-- Opening Marker --

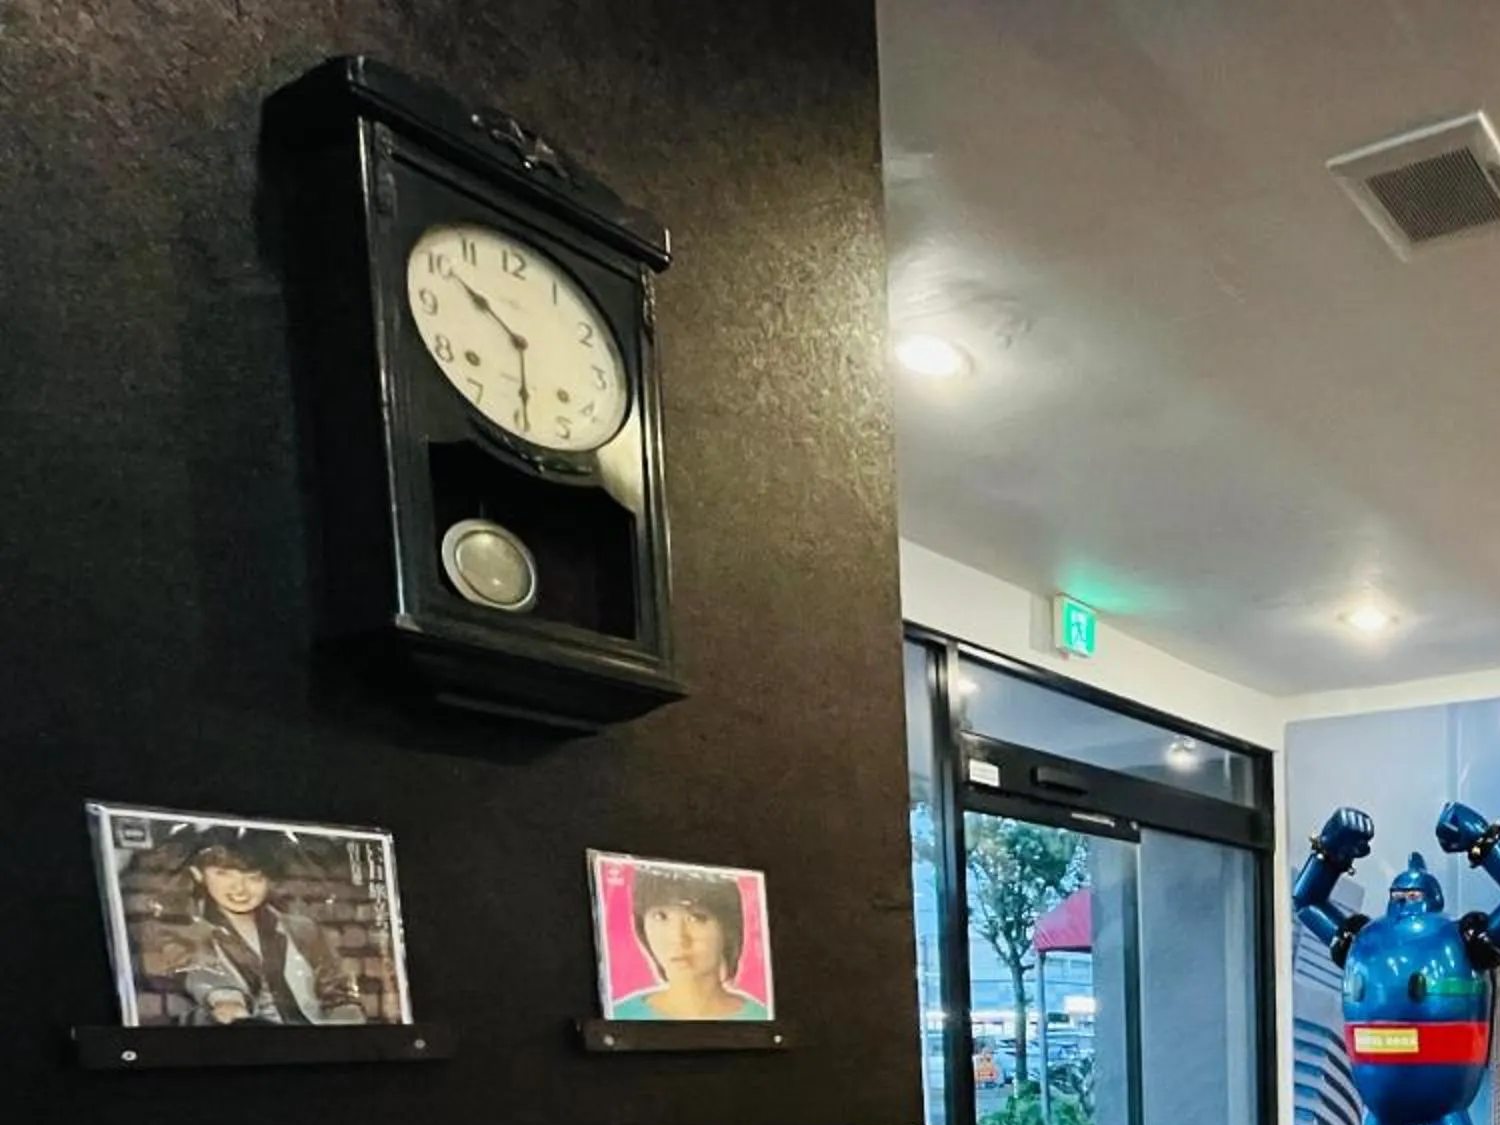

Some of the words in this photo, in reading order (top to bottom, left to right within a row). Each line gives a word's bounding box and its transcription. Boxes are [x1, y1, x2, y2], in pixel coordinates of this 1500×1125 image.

[428, 251, 453, 279] 10
[462, 237, 477, 266] 11
[502, 249, 527, 280] 12
[419, 288, 438, 316] 9
[435, 334, 454, 363] 8
[577, 322, 594, 347] 2
[467, 378, 483, 405] 7
[592, 365, 607, 391] 3
[556, 415, 573, 440] 5
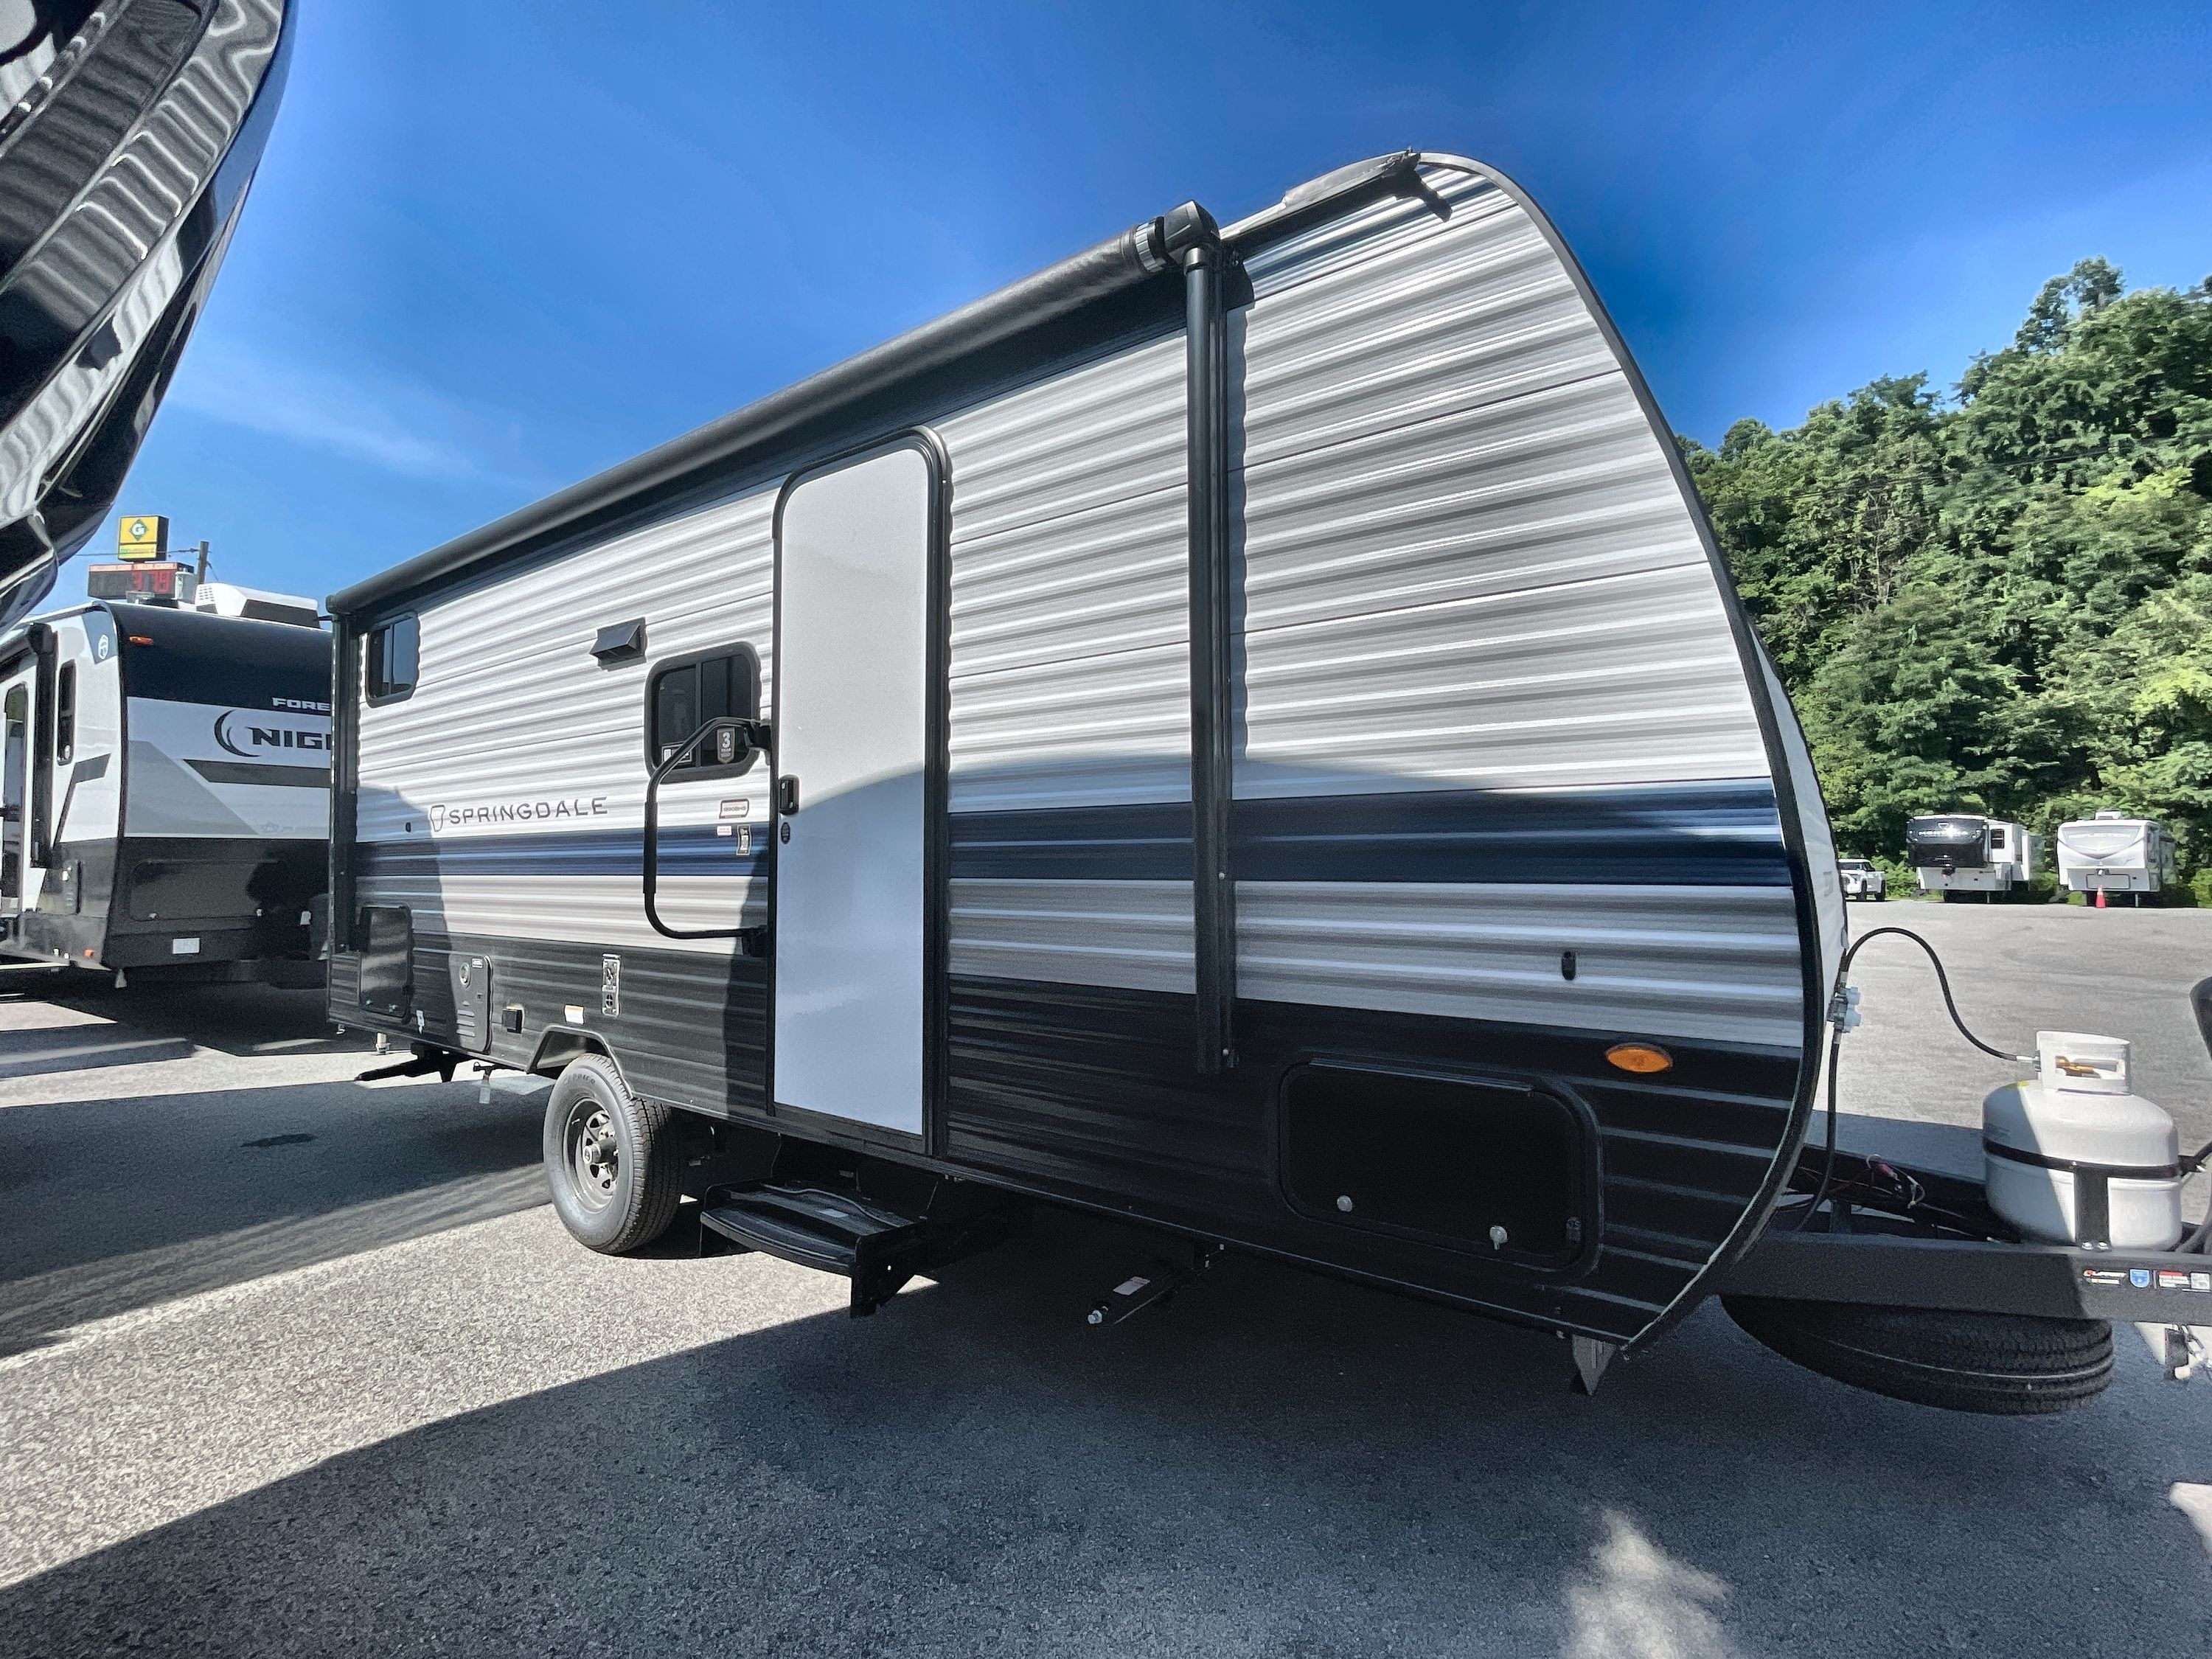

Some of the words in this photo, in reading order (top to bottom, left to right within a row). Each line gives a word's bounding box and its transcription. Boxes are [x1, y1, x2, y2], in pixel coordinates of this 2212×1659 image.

[272, 698, 331, 712] FORE
[246, 727, 331, 750] NIG
[723, 732, 730, 748] 3
[449, 796, 608, 824] SPRINGDALE
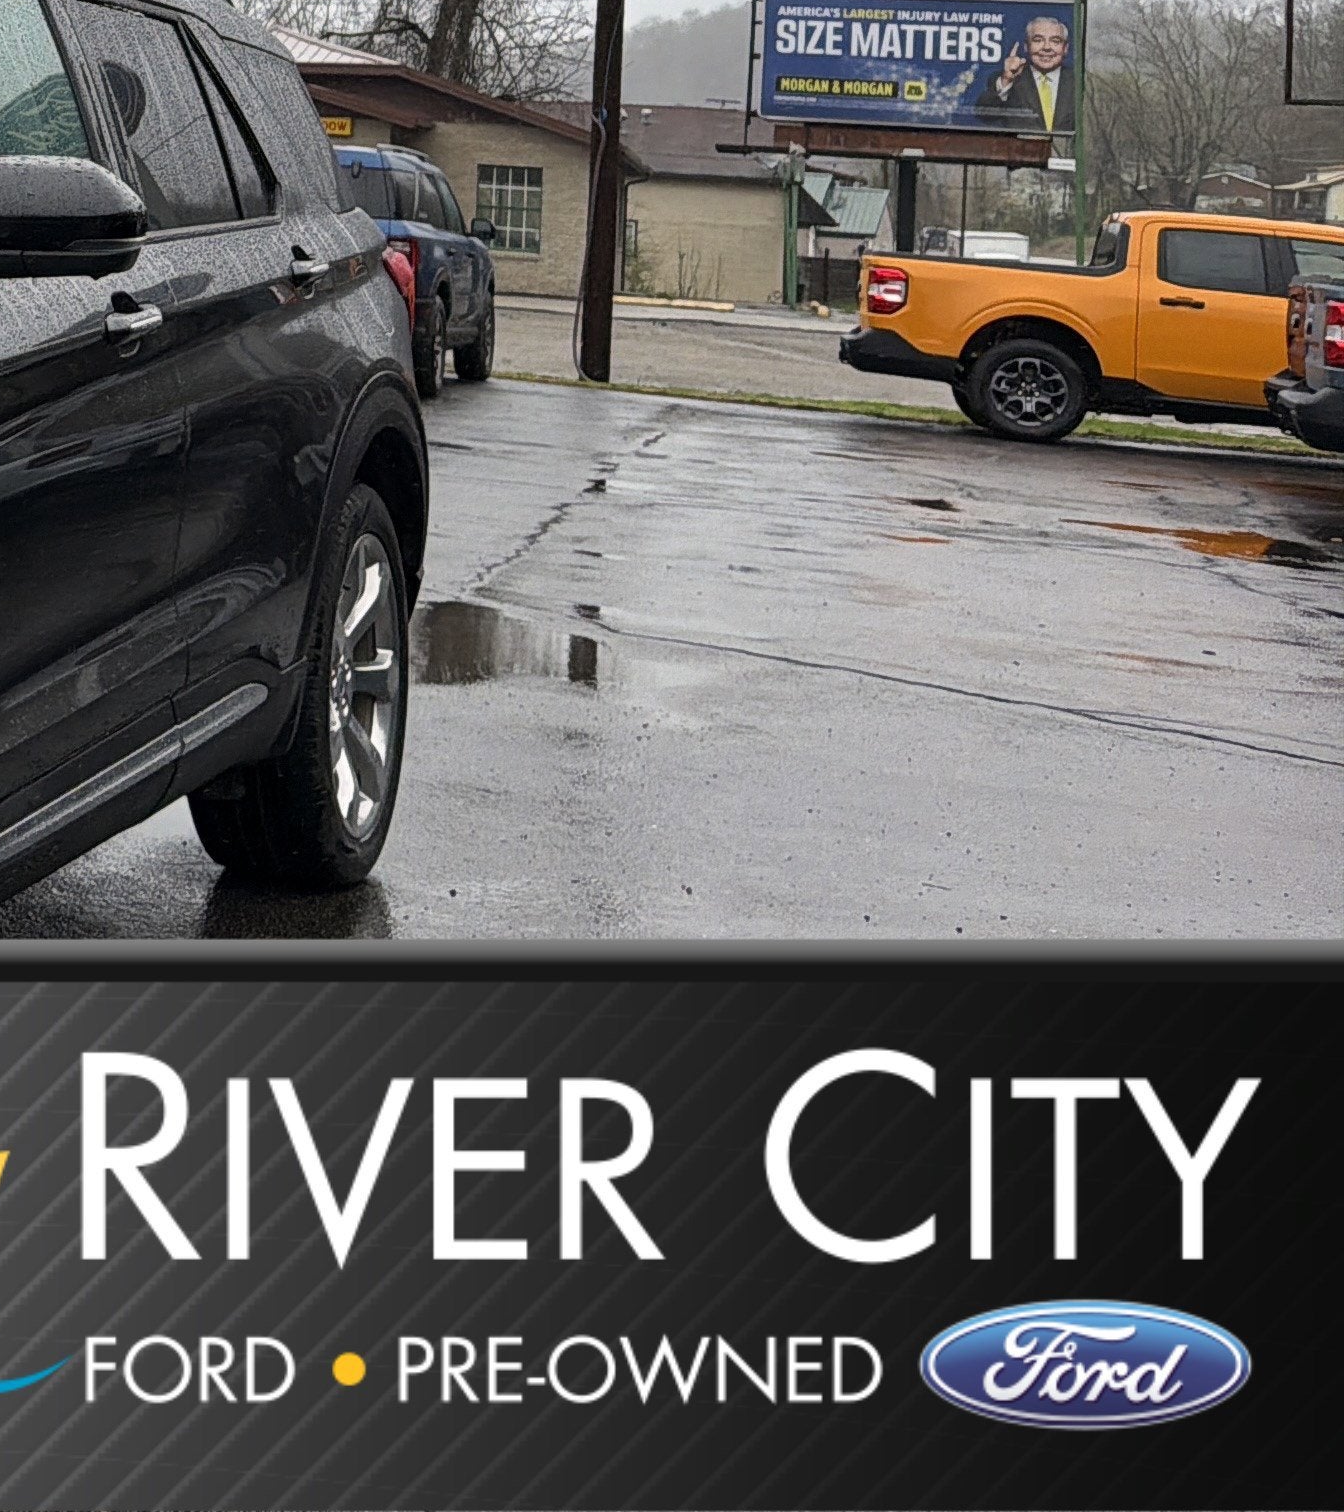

-- Closing Marker --

- [Work required]
Skipping all images, print the data above a second time exactly.

- [Exercise output]
Some of the words in this photo, in reading order (top to bottom, left to right within a row). Each line gives a word's bounding box and its transcription. Boxes are [x1, y1, x2, y2], in pixel coordinates of this 1500×1125 image.

[428, 251, 453, 279] 10
[462, 237, 477, 266] 11
[502, 249, 527, 280] 12
[419, 288, 438, 316] 9
[435, 334, 454, 363] 8
[577, 322, 594, 347] 2
[467, 378, 483, 405] 7
[592, 365, 607, 391] 3
[556, 415, 573, 440] 5

Some of the words in this photo, in reading order (top to bottom, left to right within a row). Each line gives a word's bounding box and its transcription. Boxes are [x1, y1, x2, y2], in pixel coordinates of this 2212×1659 image.

[272, 698, 331, 712] FORE
[246, 727, 331, 750] NIG
[723, 732, 730, 748] 3
[449, 796, 608, 824] SPRINGDALE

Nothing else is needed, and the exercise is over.